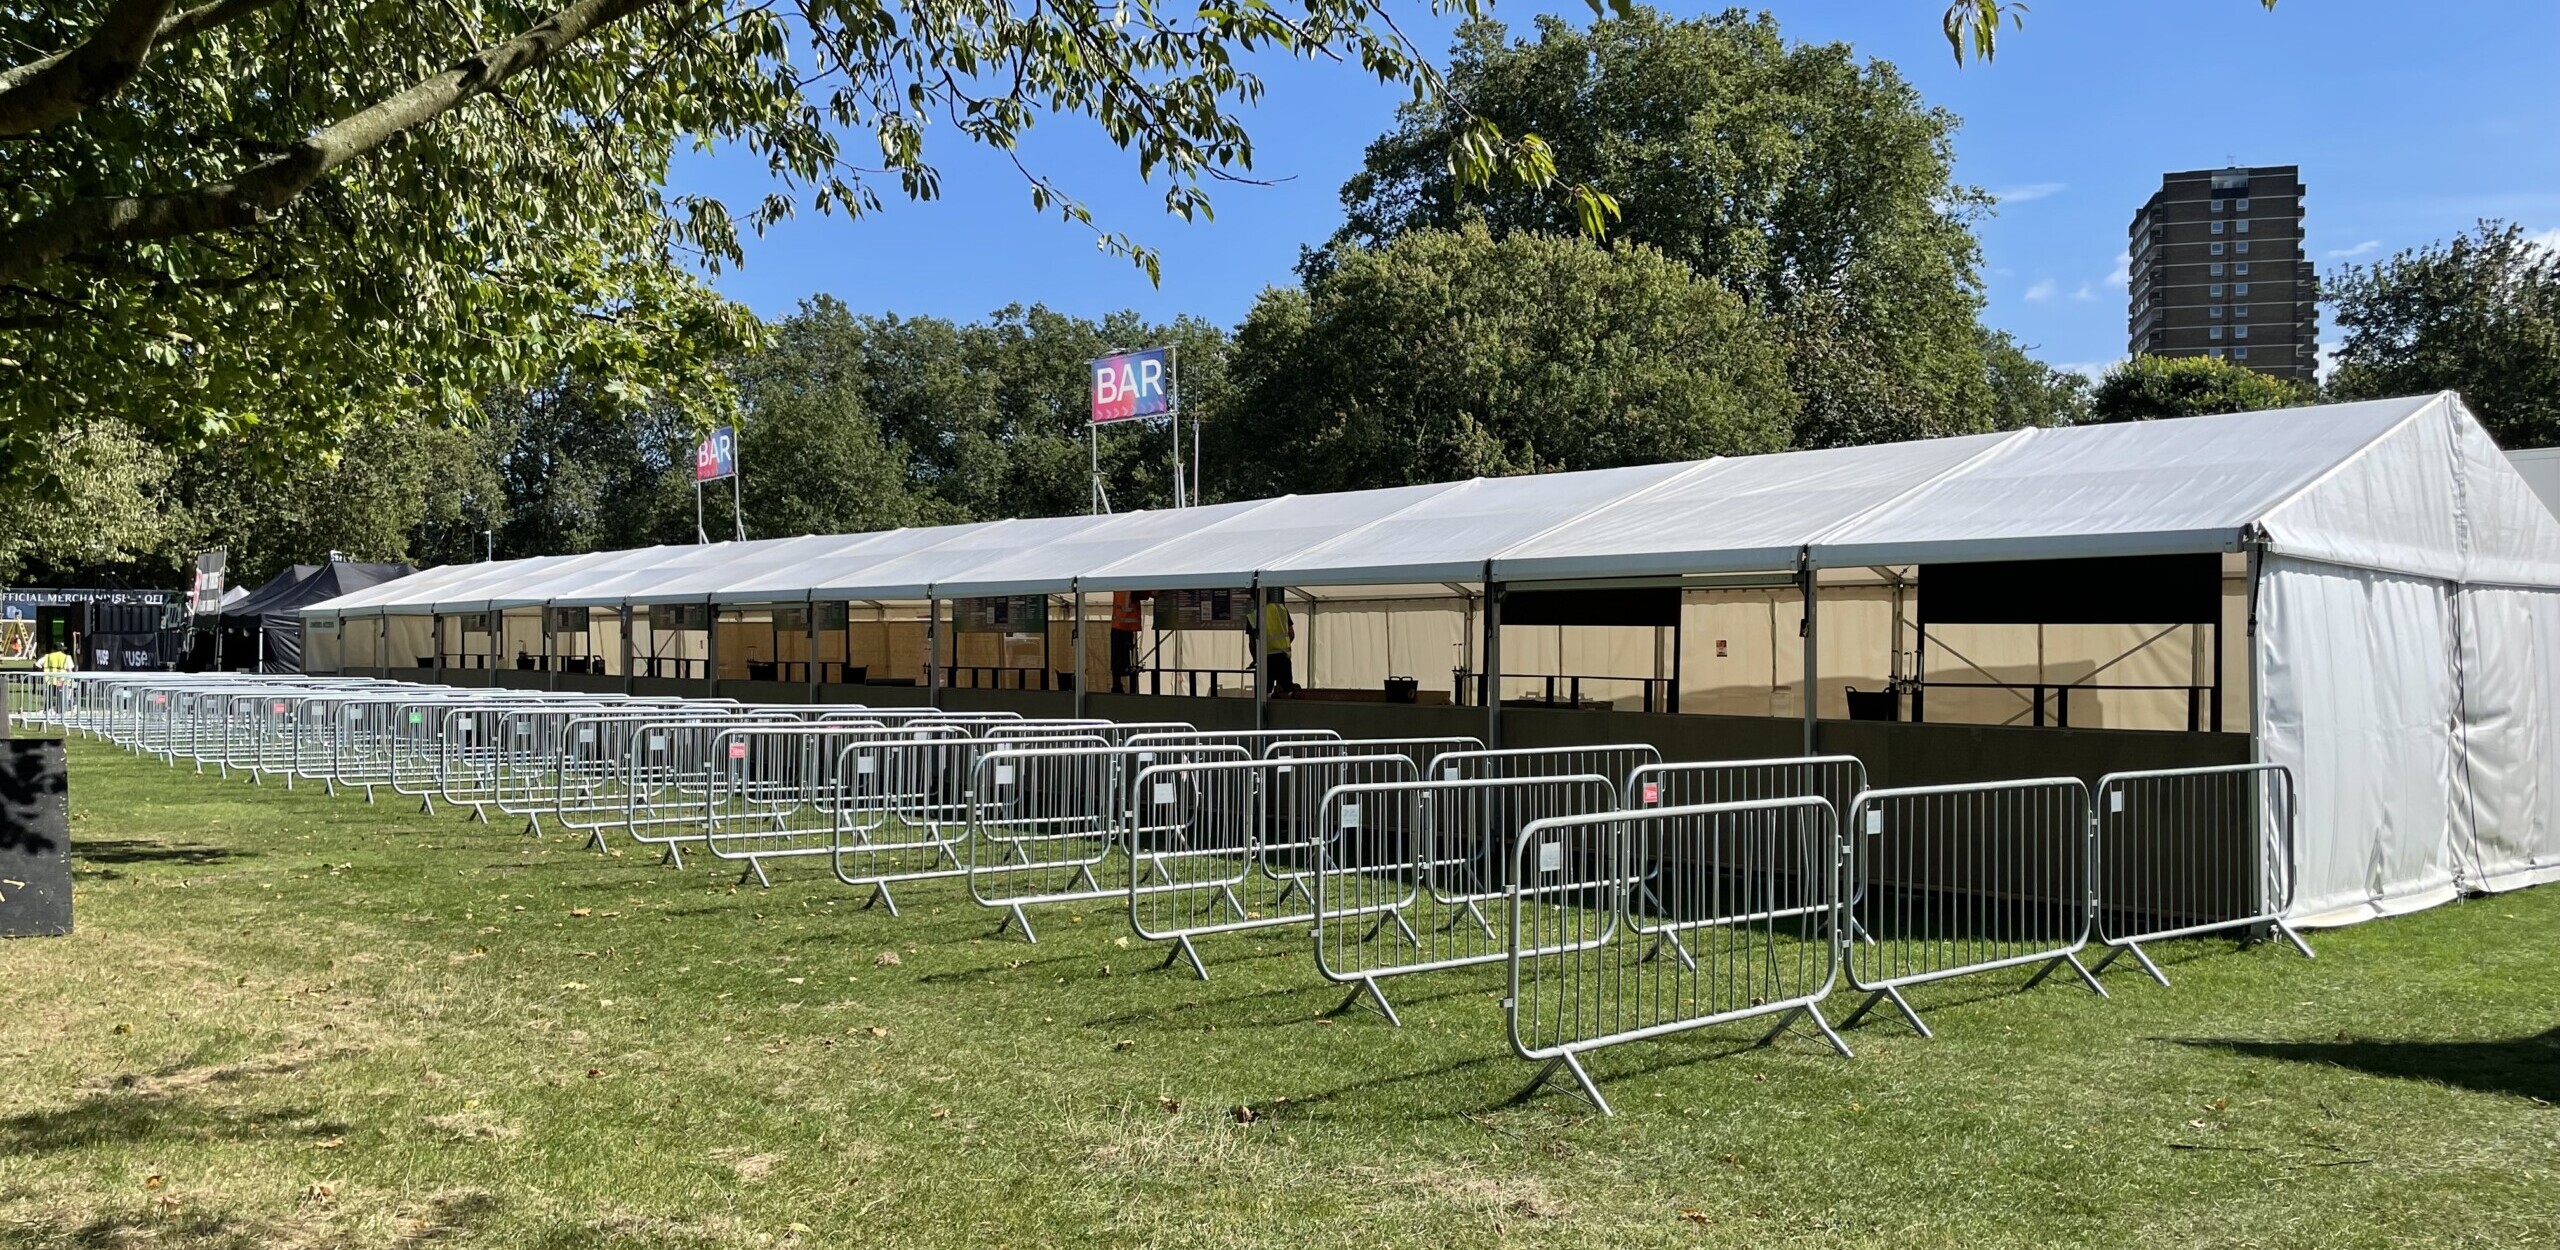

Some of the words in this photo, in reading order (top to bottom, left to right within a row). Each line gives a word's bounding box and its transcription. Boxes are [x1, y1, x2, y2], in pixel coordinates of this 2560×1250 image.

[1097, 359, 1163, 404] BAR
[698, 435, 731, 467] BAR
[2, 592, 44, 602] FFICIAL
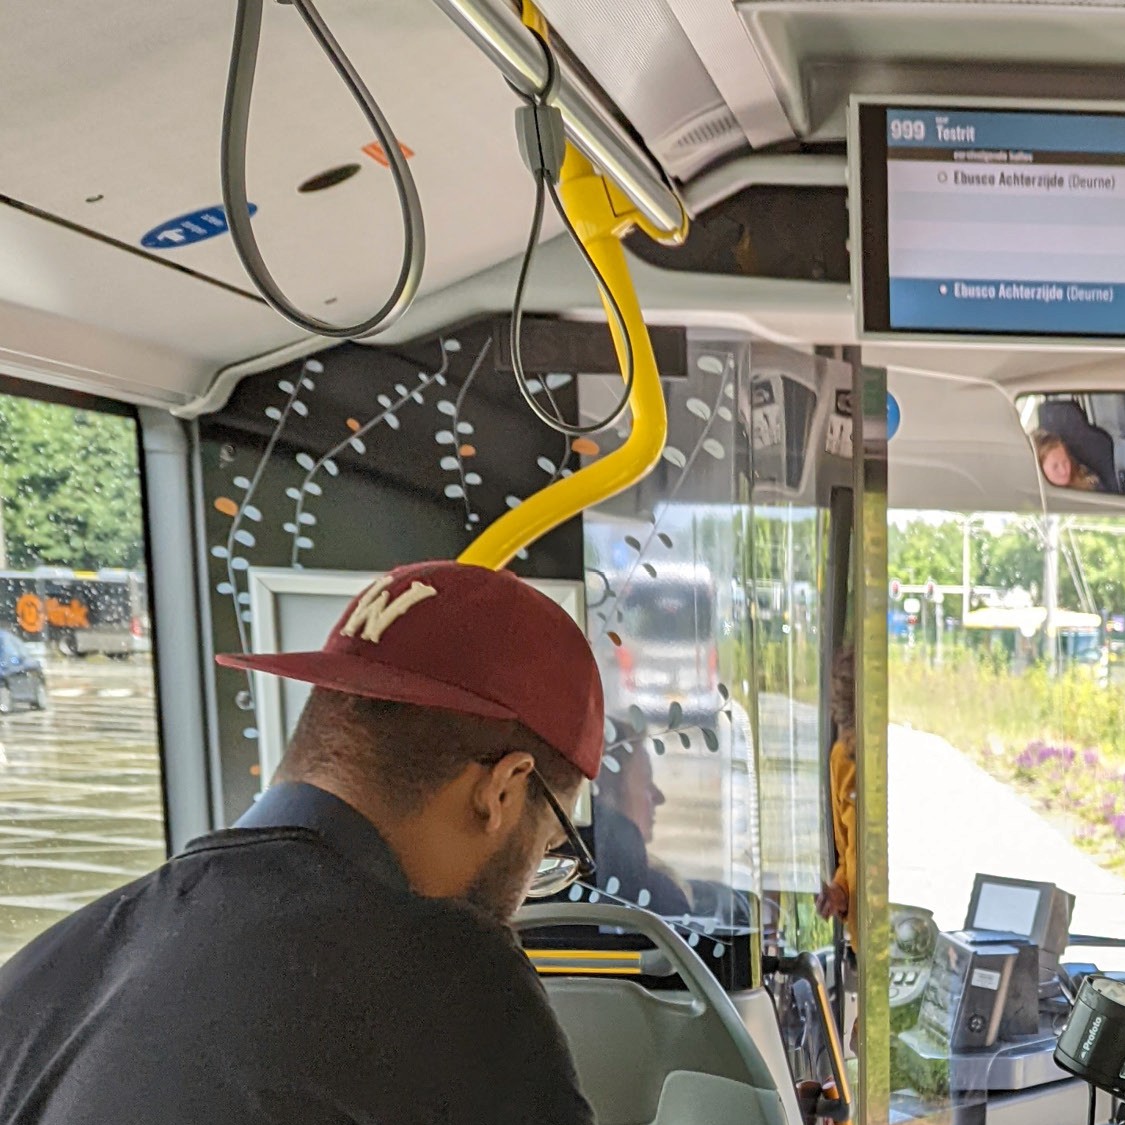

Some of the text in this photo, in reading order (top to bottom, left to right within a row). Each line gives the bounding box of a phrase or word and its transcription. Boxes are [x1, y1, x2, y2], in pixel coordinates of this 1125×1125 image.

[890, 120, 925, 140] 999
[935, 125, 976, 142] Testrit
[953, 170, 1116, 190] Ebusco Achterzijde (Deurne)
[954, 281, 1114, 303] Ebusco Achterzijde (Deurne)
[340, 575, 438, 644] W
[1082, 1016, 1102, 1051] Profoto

** Brief **
Your task is to reproduce every record exactly while omitting the pictures.

** Result of this task **
Some of the words in this photo, in reading order (top to bottom, left to right within a row). Each line gives a word's bounding box and its transcription. Boxes are [x1, y1, x2, y2], in pixel coordinates of this 2560×1250 image.

[1097, 359, 1163, 404] BAR
[698, 435, 731, 467] BAR
[2, 592, 44, 602] FFICIAL

Some of the text in this photo, in reading order (top to bottom, left to right within a row). Each line gives the bounding box of a phrase or word and its transcription. Boxes are [x1, y1, x2, y2], in pixel coordinates of this 1125×1125 image.

[890, 120, 925, 140] 999
[935, 125, 976, 142] Testrit
[953, 170, 1116, 190] Ebusco Achterzijde (Deurne)
[954, 281, 1114, 303] Ebusco Achterzijde (Deurne)
[340, 575, 438, 644] W
[1082, 1016, 1102, 1051] Profoto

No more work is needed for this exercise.